-------- Source material --------
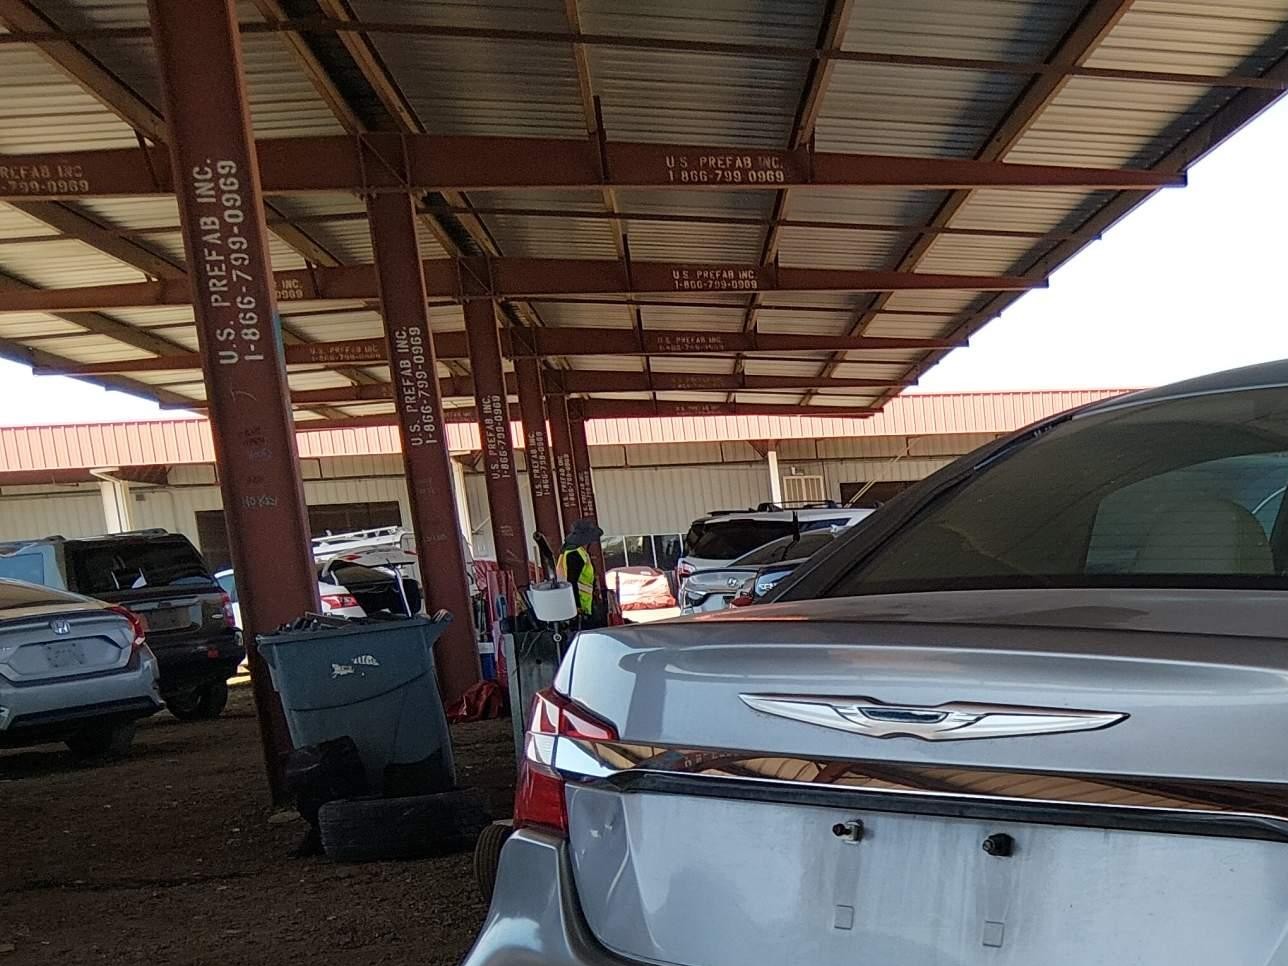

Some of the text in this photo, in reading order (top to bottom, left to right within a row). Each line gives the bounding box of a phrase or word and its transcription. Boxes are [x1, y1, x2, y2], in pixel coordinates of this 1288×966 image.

[0, 165, 50, 179] REFAB
[699, 155, 752, 169] PREFAB
[192, 158, 240, 365] U.S. PREFAB INC.
[216, 159, 264, 361] 1-866-799-0969
[394, 326, 424, 446] U.S. PREFAB INC.
[408, 327, 438, 444] 1-866-799-0969
[484, 417, 498, 456] PREFAB
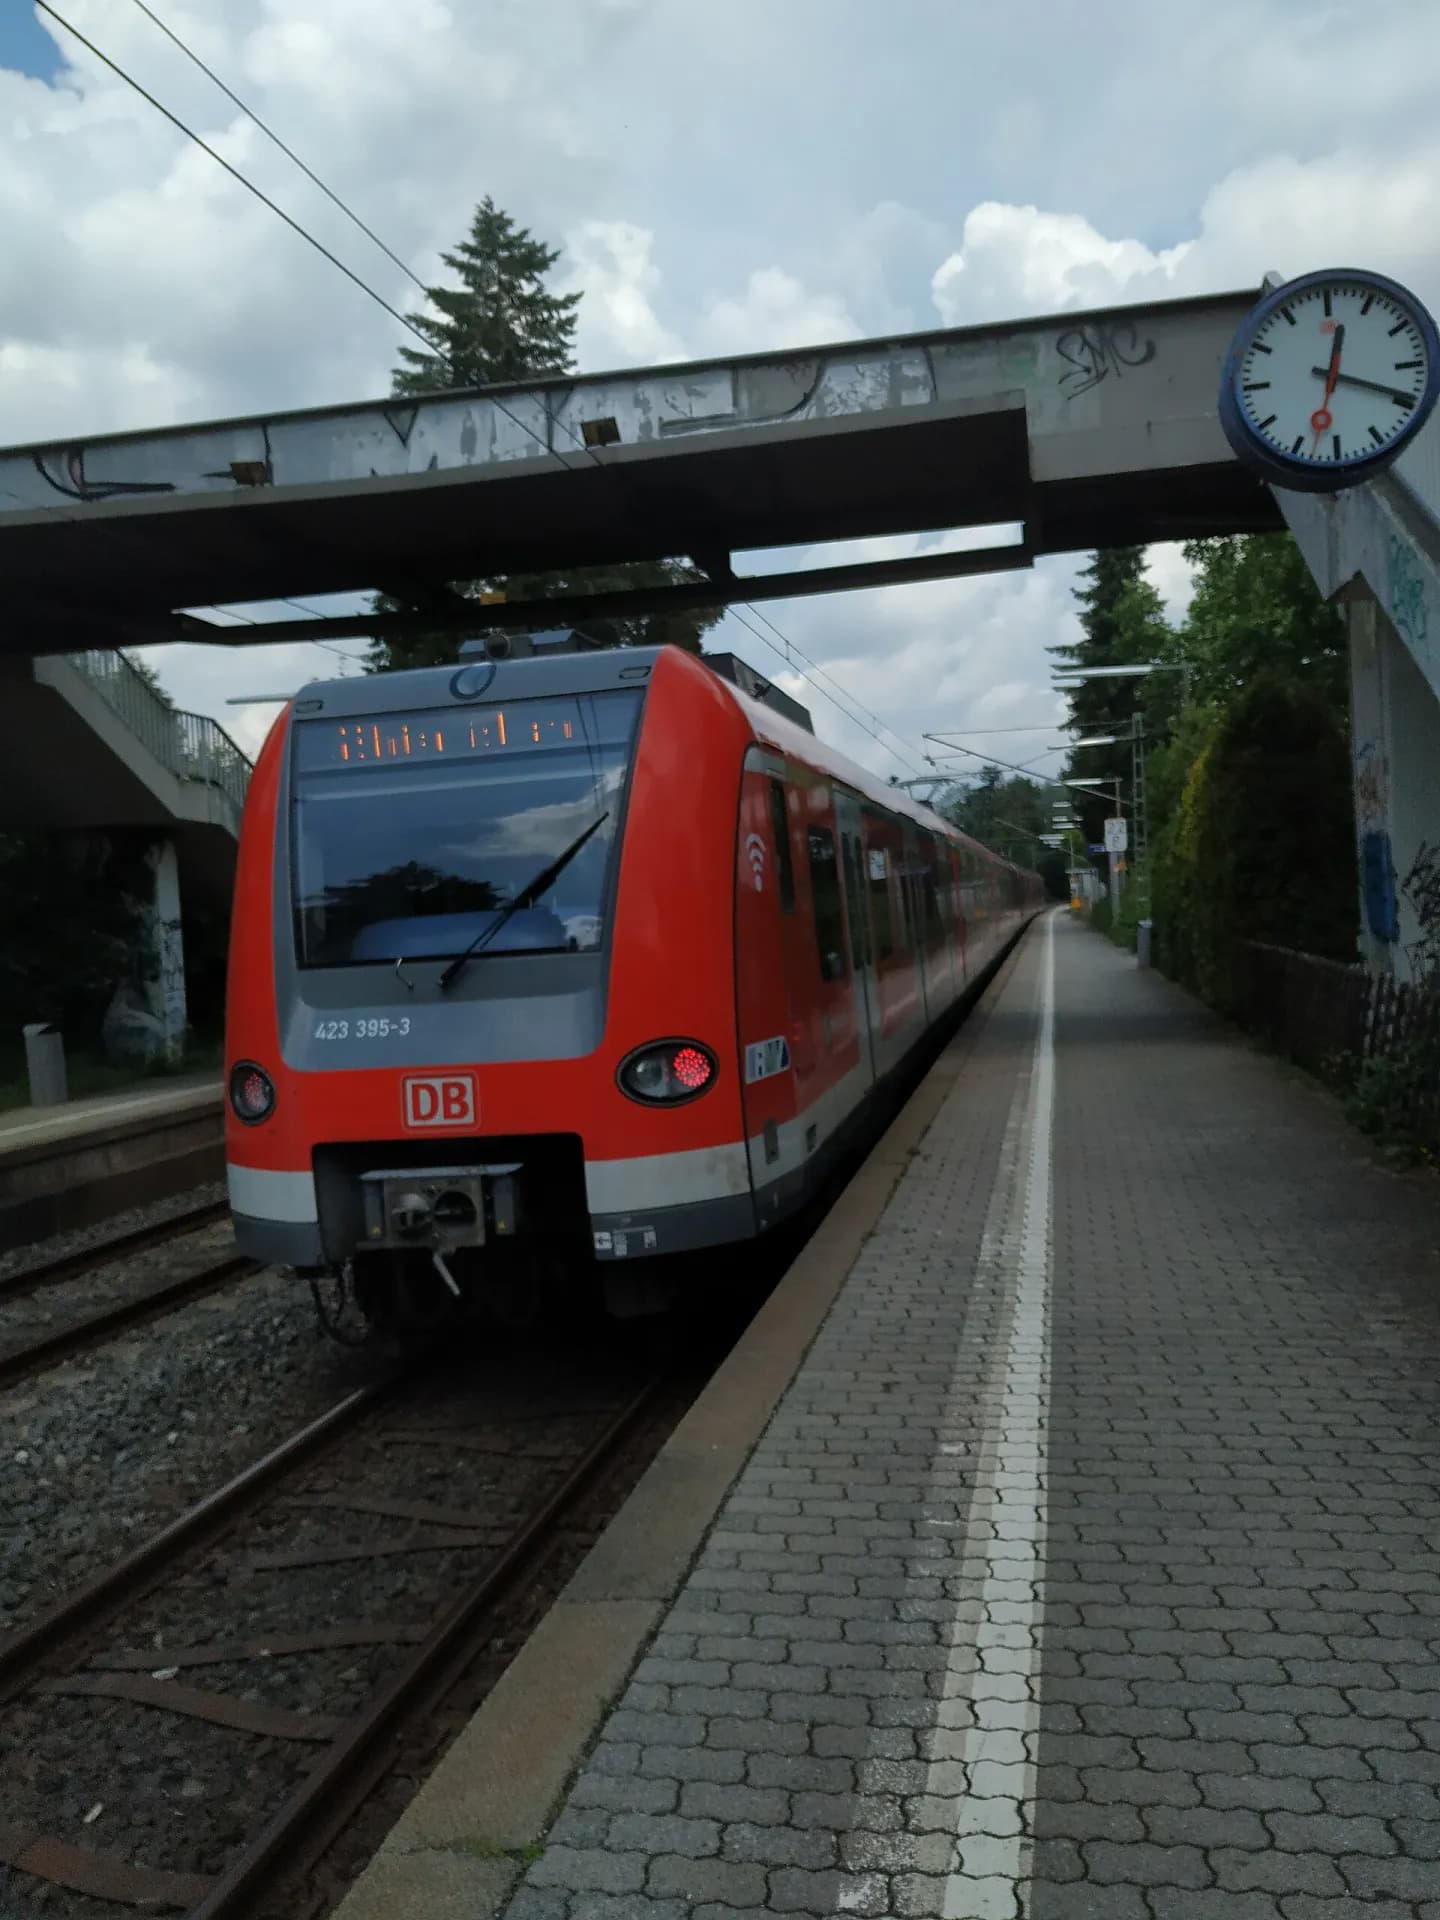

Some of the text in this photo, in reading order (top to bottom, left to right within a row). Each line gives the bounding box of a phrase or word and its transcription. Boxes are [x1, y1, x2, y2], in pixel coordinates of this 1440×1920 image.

[314, 1017, 411, 1040] 423 395-3
[410, 1080, 471, 1122] DB
--------
- [Task brief] Where the data contains images, drop them and print the rest exactly.

- [Expected answer]
Some of the text in this photo, in reading order (top to bottom, left to right within a row). Each line gives the bounding box of a phrase or word and its transcription. Boxes are [x1, y1, x2, y2], in pixel coordinates of this 1288×966 image.

[0, 165, 50, 179] REFAB
[699, 155, 752, 169] PREFAB
[192, 158, 240, 365] U.S. PREFAB INC.
[216, 159, 264, 361] 1-866-799-0969
[394, 326, 424, 446] U.S. PREFAB INC.
[408, 327, 438, 444] 1-866-799-0969
[484, 417, 498, 456] PREFAB

Some of the text in this photo, in reading order (top to bottom, left to right within a row). Each line gives the bounding box of a phrase or word and its transcription. Boxes are [x1, y1, x2, y2], in pixel coordinates of this 1440×1920 image.

[314, 1017, 411, 1040] 423 395-3
[410, 1080, 471, 1122] DB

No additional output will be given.